I bought my first Glock in early 2003 just prior to leaving for Iraq. I didn’t know much about them other than some of the big kids I had been assigned to play OPFOR against carried a mix of G19s and 1911s. So I went to Shooters Supply in Fayetteville and bought a used Glock 19, Gen III, with Heinie sights and some gigantic paddle mag release. I thought it was the coolest thing ever ’cause that’s what the Varsity guys had. I also bought a Wilson 1911 worked on by my professional mentor, Larry Vickers.
I wanted to believe that the 1911 was the end all. But, I always found myself spending more time shooting the Glock than the Wilson. At 22 years old, and a young 11B, I wasn’t an ideal candidate for a 1911. Truth be told, almost a decade later and having been issued a 1911 or a Glock my whole pistol-toting time in the Army, I’m still not.

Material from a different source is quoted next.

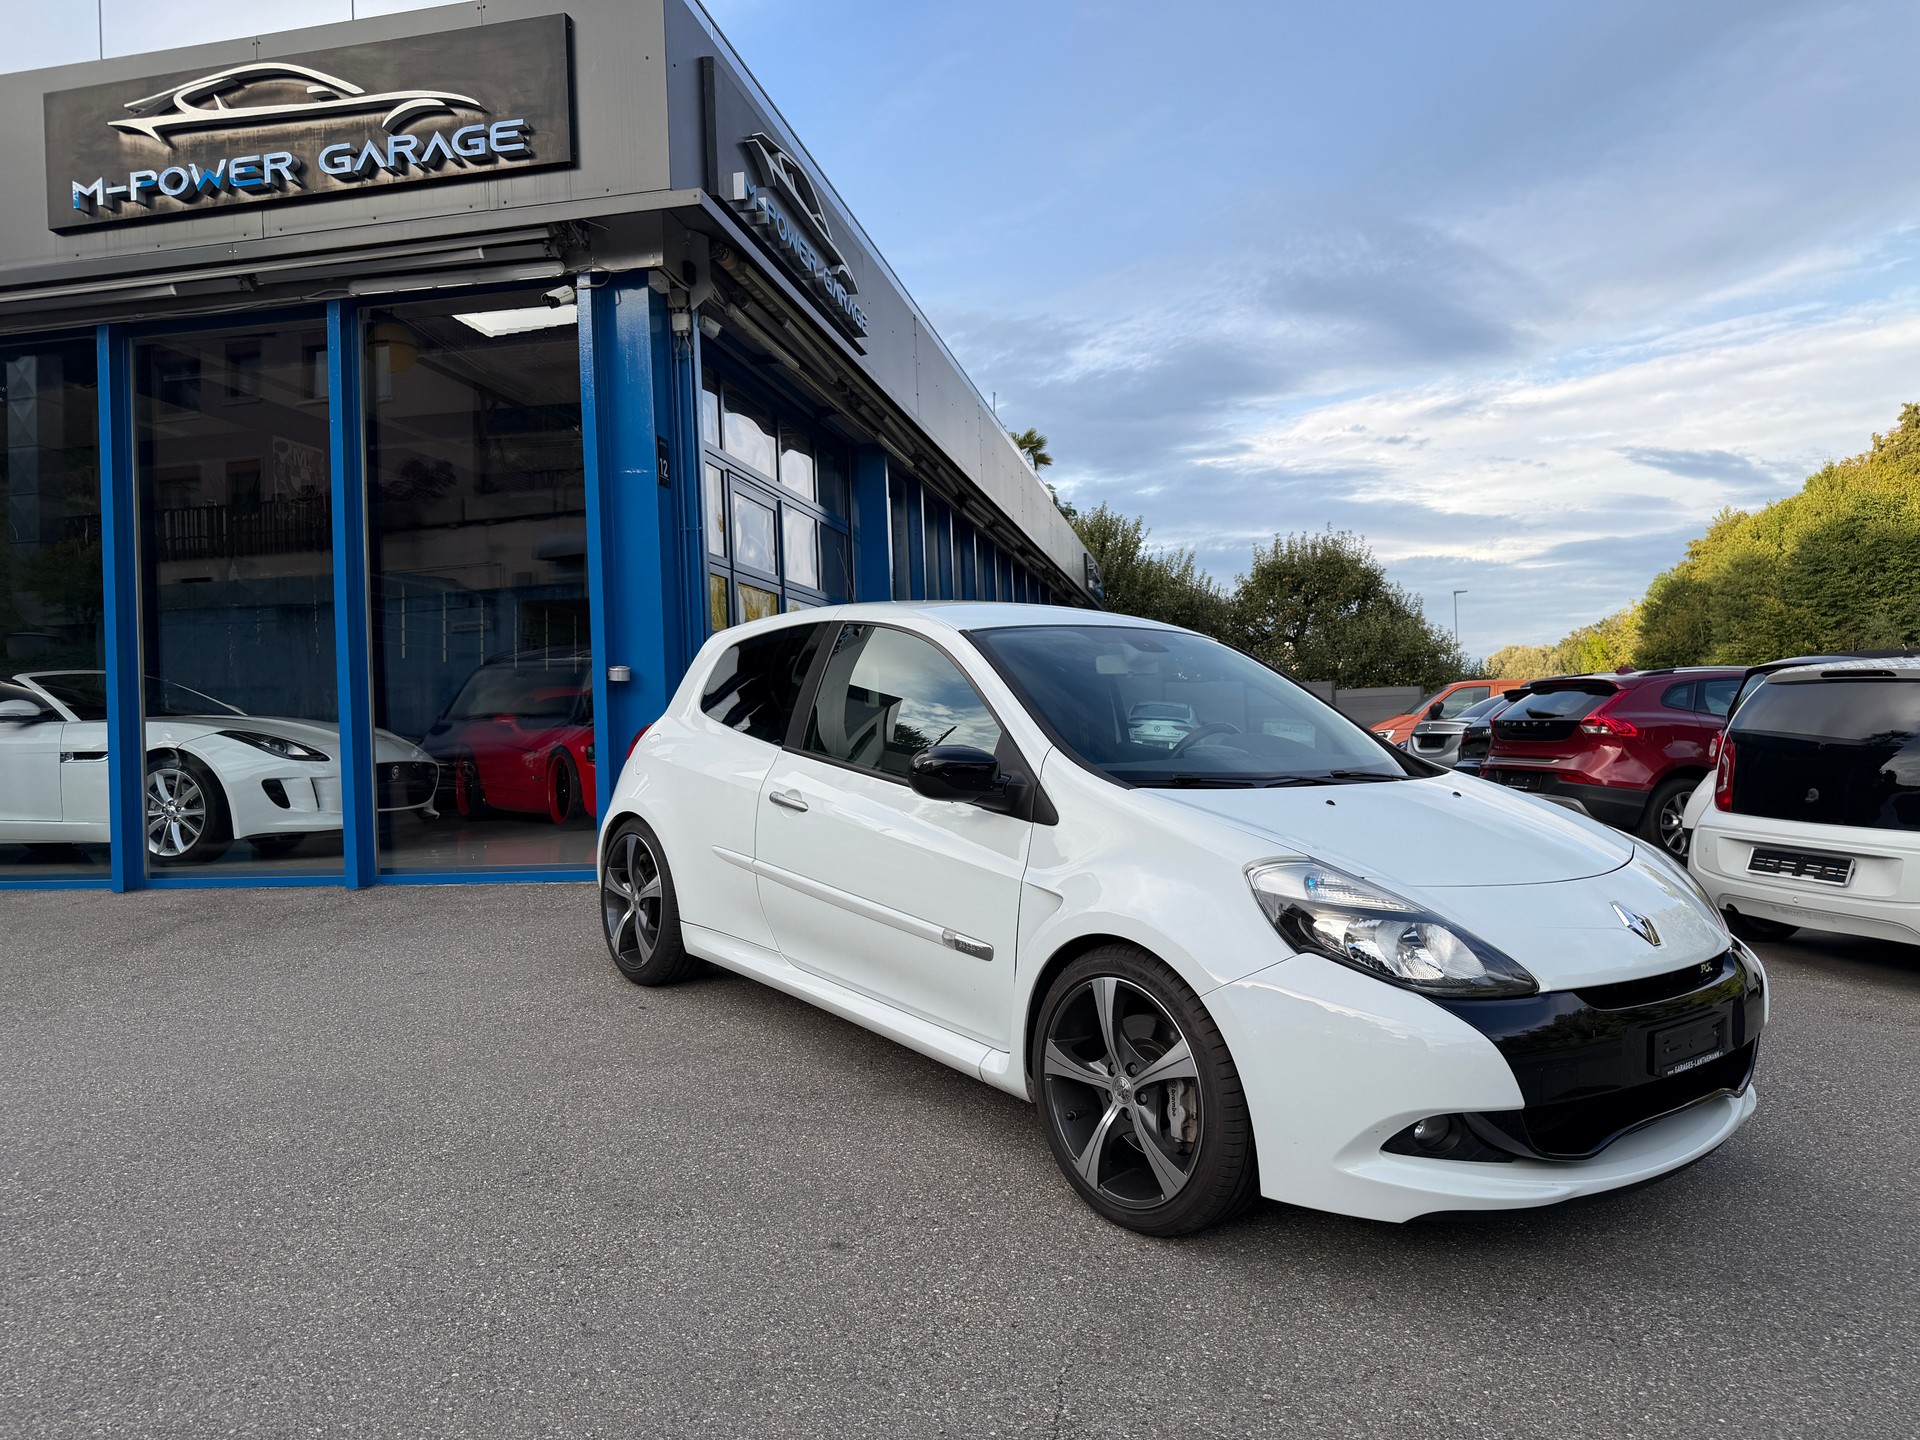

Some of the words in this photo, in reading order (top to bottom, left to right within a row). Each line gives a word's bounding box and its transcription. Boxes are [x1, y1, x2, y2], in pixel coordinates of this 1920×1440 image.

Sure, I can legitimately maintain one now (thanks to LAV), I can shoot one well, and I love the craftsmanship and heritage that goes into a quality 1911. They have soul as people like to say. But, I am a realist; plus I like shooting my guns more than cleaning or maintaining them.[Note: Please welcome guest author Jon C., an active duty US Army Special Forces soldier. This article was first published by Grey Group Training. We present it here with permission, slightly expanded and with photography.]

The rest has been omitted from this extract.